Amazon confronté à des mois de réparations après des frappes par drones visant des centres de données


Les clients d’Amazon Web Services (AWS) devront patienter encore plusieurs mois. Deux régions cloud d’AWS, touchées par des attaques par drones ayant endommagé des centres de données au Moyen-Orient, ne pourront pas reprendre pleinement leurs capacités avant un calendrier étendu, selon la dernière communication du groupe.

Des réparations qui devraient durer plusieurs mois

Le tableau de bord de santé d’AWS indique que les régions ME-CENTRAL-1 (aux Émirats arabes unis) et ME-SOUTH-1 (au Bahreïn) ont subi des dommages liés au conflit régional. Dans ce contexte, certaines applications hébergées sur ces infrastructures ne seraient pas en mesure d’être prises en charge normalement.

AWS précise aussi que des opérations de facturation « pertinentes » sont actuellement suspendues, le temps de rétablir le fonctionnement normal. La reprise complète est annoncée comme attendue pour plusieurs mois, ce qui suggère un retour à la normale progressif, plutôt qu’une restauration rapide.

Un impact financier et opérationnel prolongé

Les formulations employées par AWS laissent entendre que la suspension de facturation pourrait se poursuivre durant la phase de remise en état, après un premier geste de l’entreprise. Le groupe avait déjà indiqué avoir annulé, pour un mois, les frais liés à l’usage sur les régions affectées, évalués à hauteur de plusieurs dizaines de millions de dollars.

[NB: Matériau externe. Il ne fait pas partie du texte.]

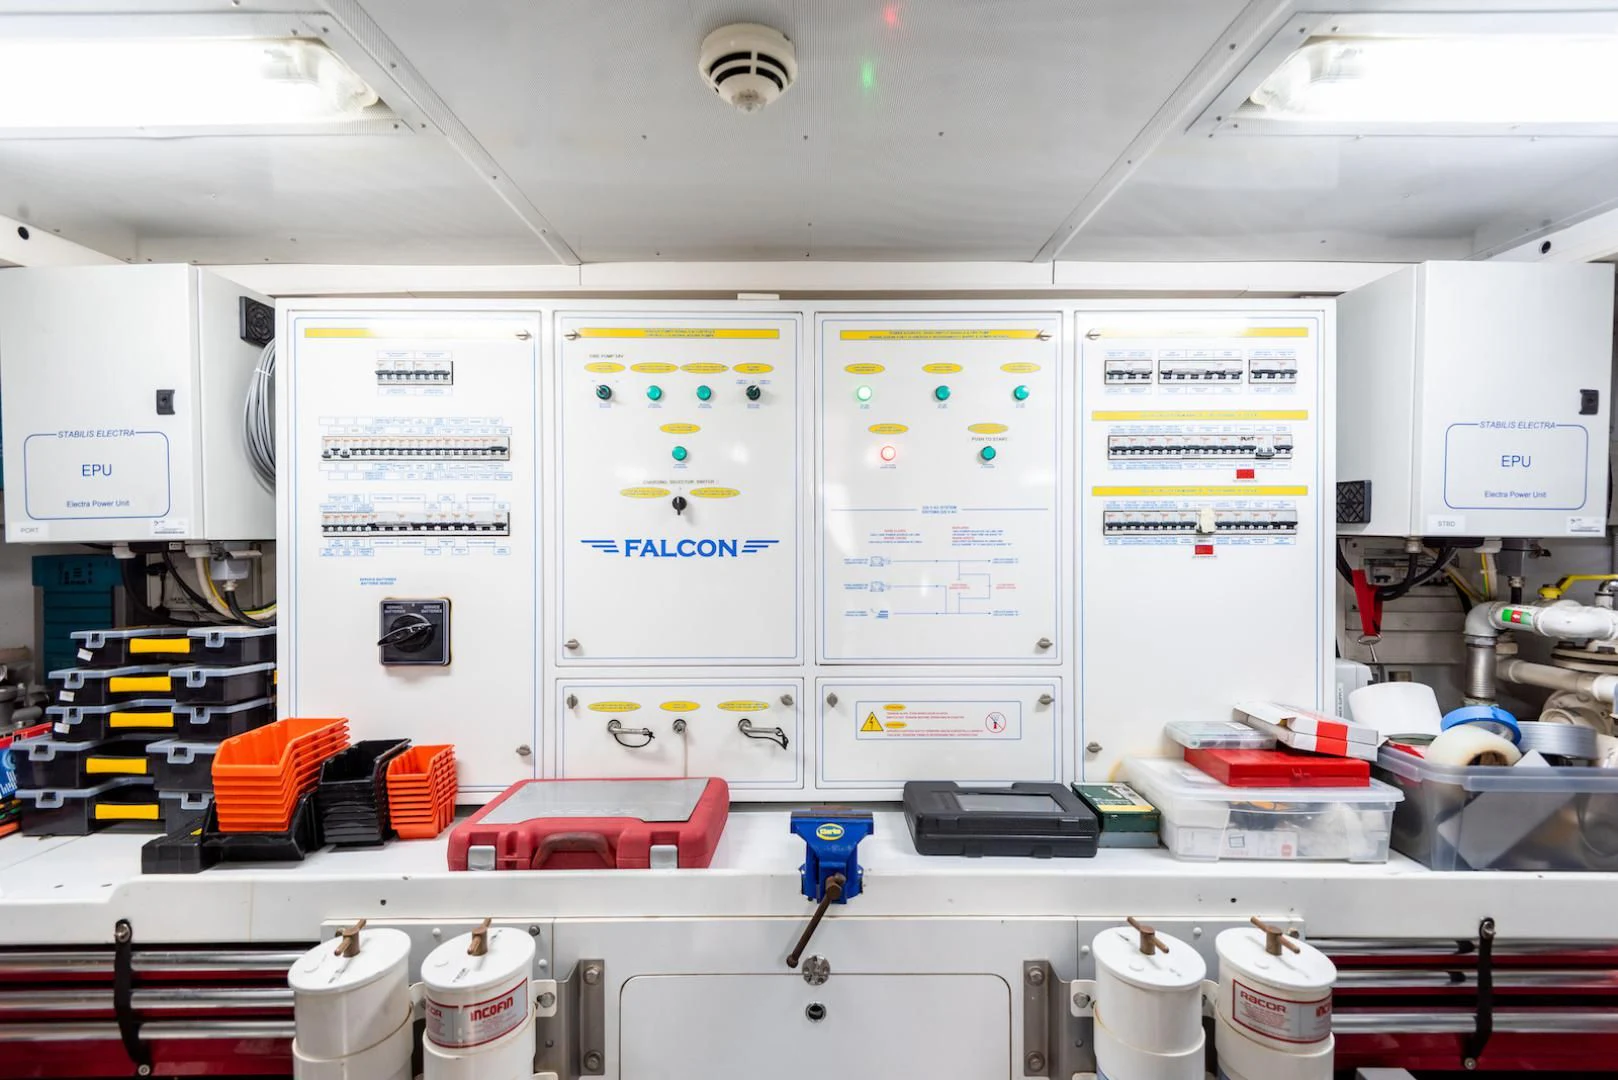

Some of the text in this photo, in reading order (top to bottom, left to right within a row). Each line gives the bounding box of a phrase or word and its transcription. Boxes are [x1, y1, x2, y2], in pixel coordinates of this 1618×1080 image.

Dans la pratique, l’enjeu porte autant sur la remise à niveau technique des sites que sur la continuité de service côté clients : les applications et services doivent pouvoir basculer vers des ressources alternatives, et les processus de restauration des données doivent être sécurisés.

Conseils d’AWS : migration et restauration à partir des sauvegardes

AWS recommande aux entreprises de déplacer leurs ressources vers d’autres régions et de s’appuyer sur des sauvegardes à distance pour rétablir les éléments devenus inaccessibles. L’objectif est de limiter l’interruption en attendant la fin des réparations sur les sites endommagés.

Certaines organisations semblent avoir pu reprendre rapidement une partie de leurs services grâce à une migration effectuée en urgence vers d’autres serveurs. Ce type d’approche met en évidence l’importance de l’architecture multi-régions et de la préparation aux incidents majeurs, notamment lorsque des contraintes géopolitiques viennent se superposer à la cybersécurité et à la résilience informatique.

Repères concrets : se préparer à la bascule et aux sauvegardes

Au-delà du cas présent, l’épisode rappelle que les infrastructures cloud concentrent des risques à la fois techniques et géographiques. Pour les entreprises, renforcer la continuité d’activité passe souvent par des mécanismes simples mais indispensables : sauvegardes régulières, procédures de bascule testées, et capacité à répliquer rapidement les données.

En attendant la fin des réparations, les clients concernés devront donc composer avec une reprise partielle ou différée. Dans le secteur cloud, la priorité reste la même : maintenir la disponibilité des services, protéger les données et organiser la migration vers des capacités non impactées, le temps que les infrastructures endommagées redeviennent opérationnelles.